Chapter 26 CNV calling

CNV calling was performed with BICseq

26.1 Sample data

Load BICseq2 data for all tested samples:

allfiles=dir("../data/CNV_calls/","2_scale$", full.names = T)

CNVL2=lapply(allfiles, function(x) read.delim(x, stringsAsFactors = F))
names(CNVL2)=unlist(sapply(strsplit(allfiles, "//|_cnv"), function(x) x[2]))
meltCN=melt(CNVL2, measure.vars=c("log2.copyRatio"))

AllDCN=data.frame(sampleID=meltCN$L1, chrom=substr(meltCN$chrom, 4, 5), start.pos=meltCN$start,
                   end.pos=meltCN$end, n.probes=meltCN$binNum, mean=meltCN$value, 
                   call=ifelse(meltCN$value>0.3, "+", ifelse(meltCN$value<(-0.3), "-", "0")))

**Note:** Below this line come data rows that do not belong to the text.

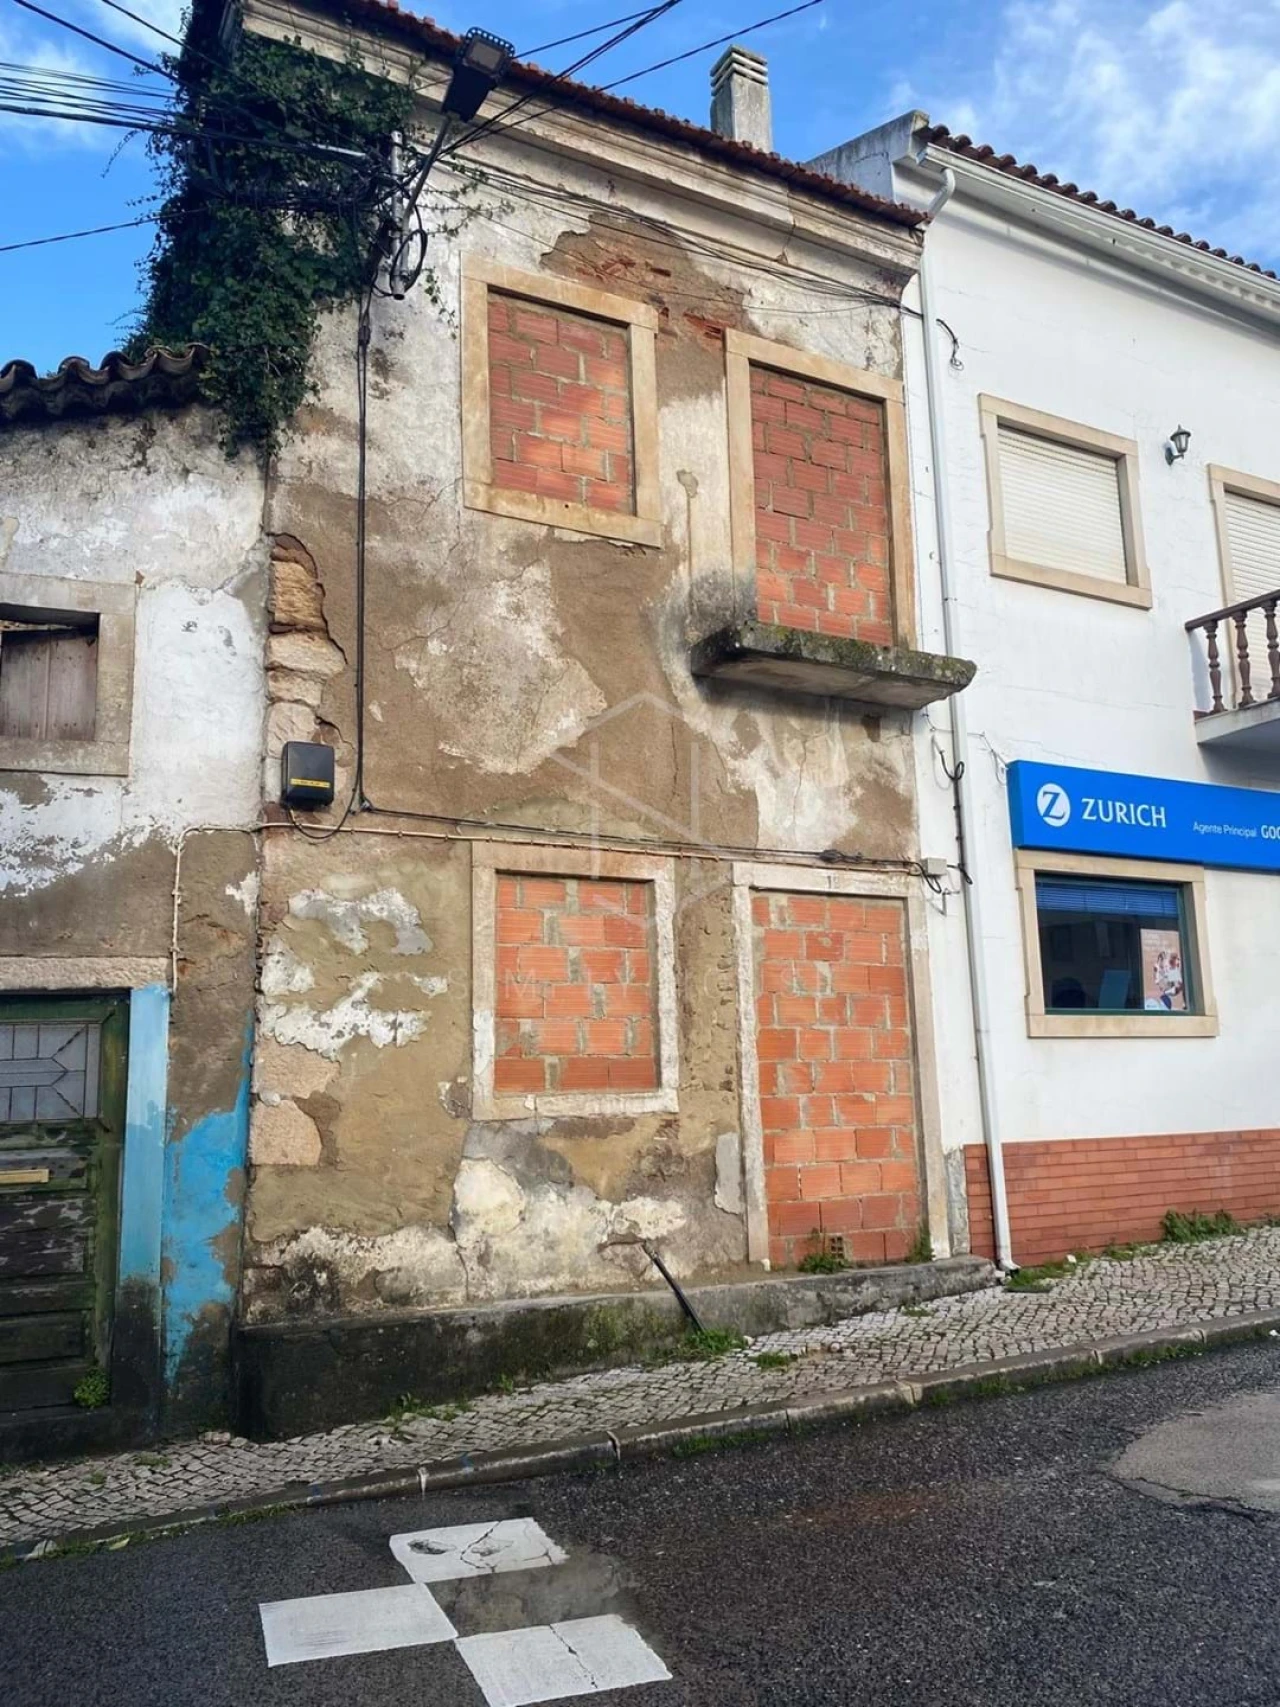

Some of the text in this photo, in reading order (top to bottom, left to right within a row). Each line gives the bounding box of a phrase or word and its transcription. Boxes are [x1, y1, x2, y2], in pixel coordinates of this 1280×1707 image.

[1042, 791, 1167, 828] Z ZURICH
[1193, 821, 1222, 834] Agente
[1223, 824, 1257, 838] Principal
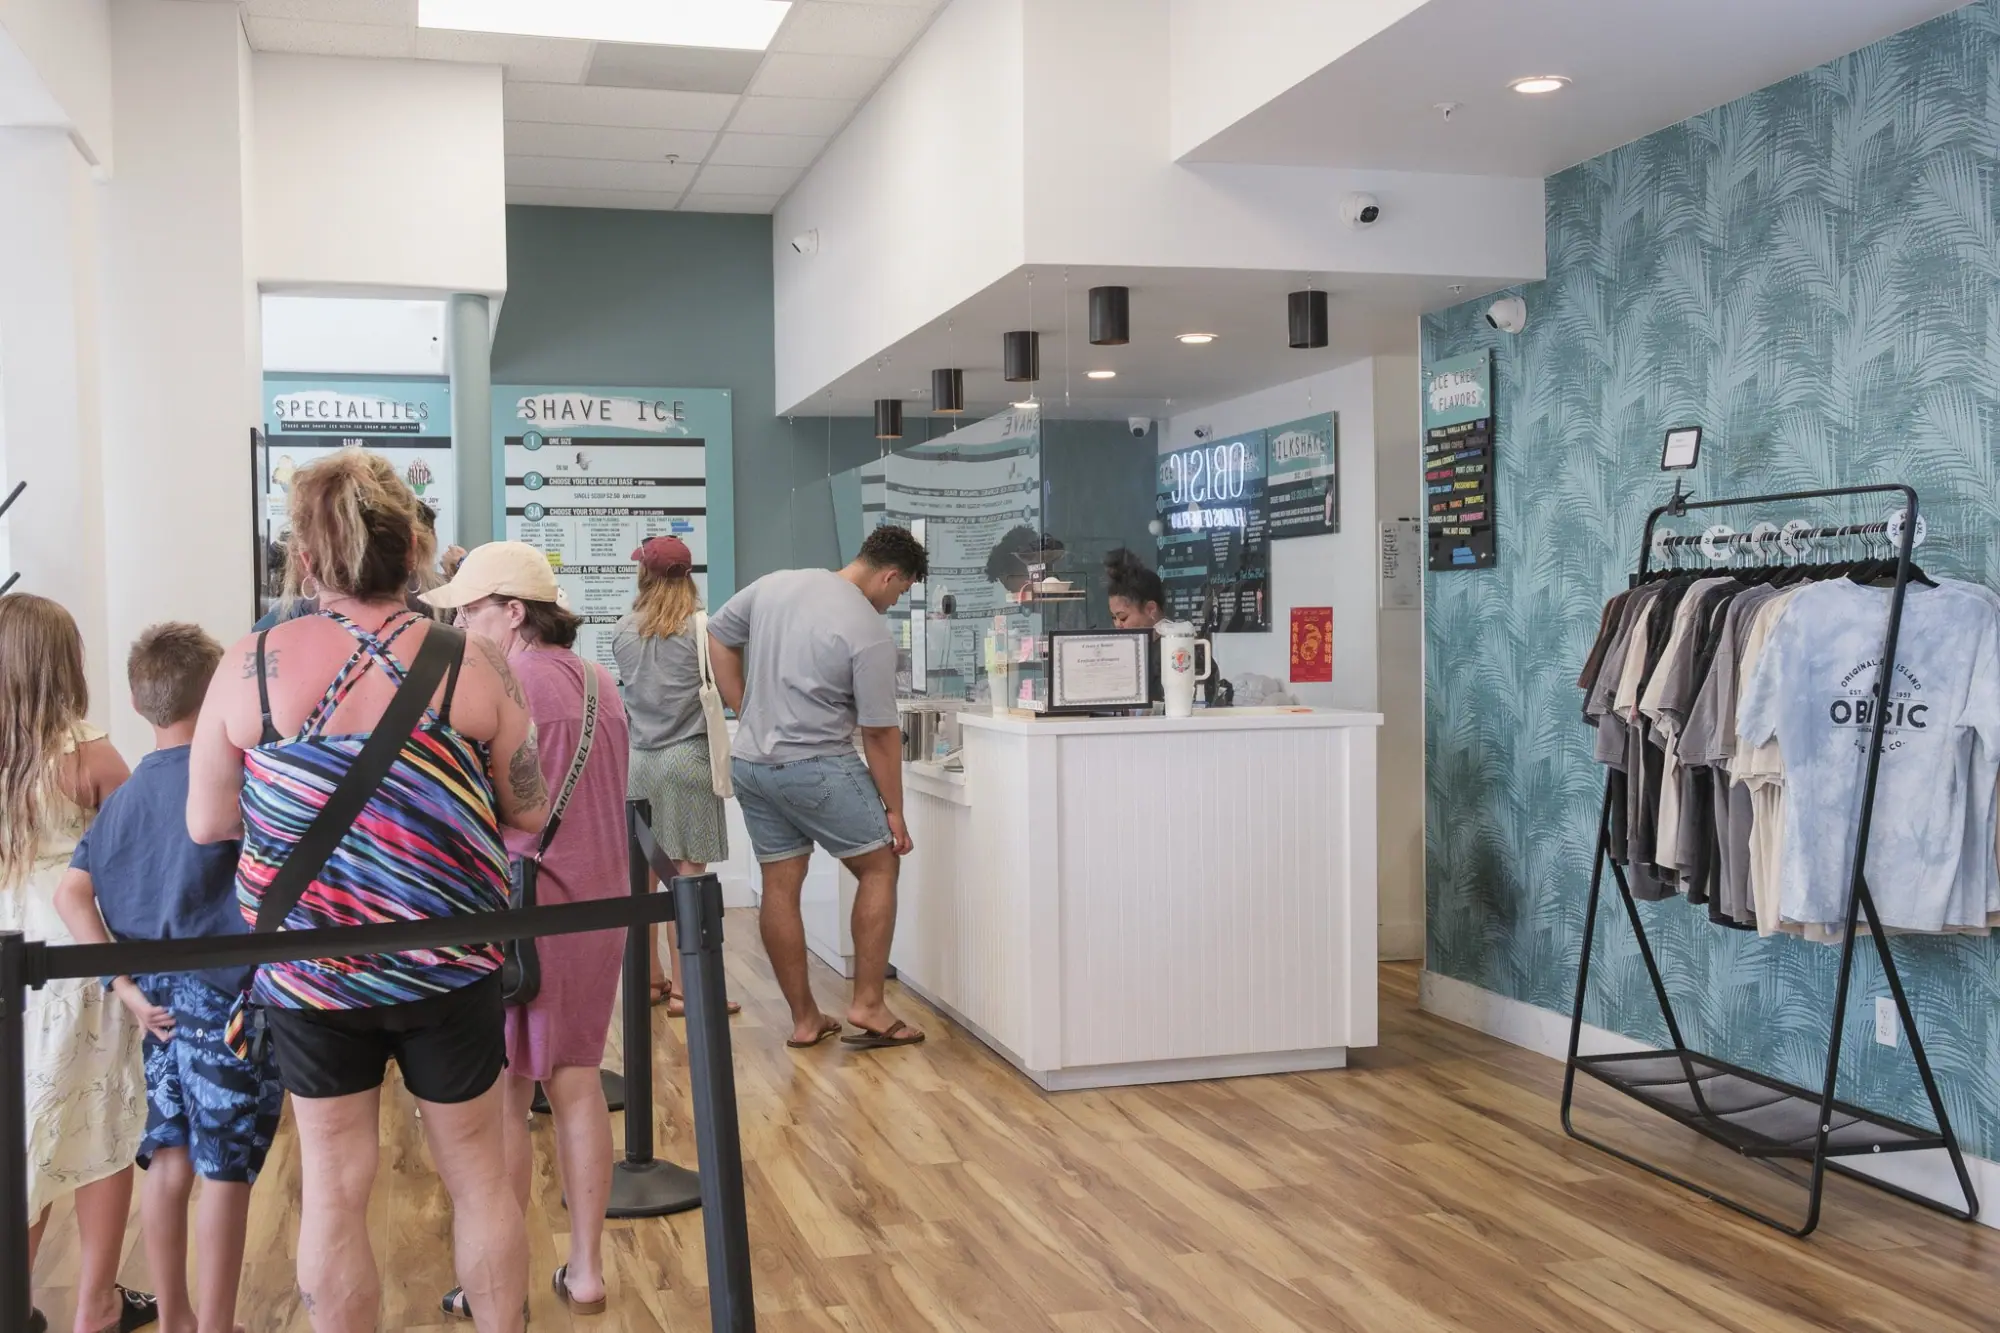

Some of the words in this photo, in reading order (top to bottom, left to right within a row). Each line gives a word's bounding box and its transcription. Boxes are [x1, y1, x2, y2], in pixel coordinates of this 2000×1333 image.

[1434, 373, 1449, 391] ICE
[275, 400, 429, 420] SPECIALTIES
[1439, 390, 1477, 410] FLAVORS
[525, 399, 613, 421] SHAVE
[638, 400, 686, 422] ICE
[530, 476, 537, 486] 2
[598, 478, 618, 486] CREAM
[619, 478, 633, 486] BASE
[527, 506, 541, 517] 3A
[550, 508, 572, 516] CHOOSE
[573, 508, 588, 516] YOUR
[589, 508, 607, 516] SYRUP
[608, 508, 629, 516] FLAVOR
[1841, 659, 1878, 688] ORIGINAL
[1895, 663, 1922, 691] ISLAND
[556, 745, 589, 816] MICHAEL
[584, 694, 597, 739] KORS

AllDCN2=data.frame(sample=meltCN$L1, chromosome=meltCN$chrom, start=meltCN$start,
                  end=meltCN$end, n.probes=meltCN$binNum, segmean=2*2^(meltCN$value), 
                  call=ifelse(meltCN$value>0.3, "+", ifelse(meltCN$value<(-0.3), "-", "0")))

AllDCN2$chromosome=factor(AllDCN2$chromosome, levels=unique(AllDCN2$chromosome))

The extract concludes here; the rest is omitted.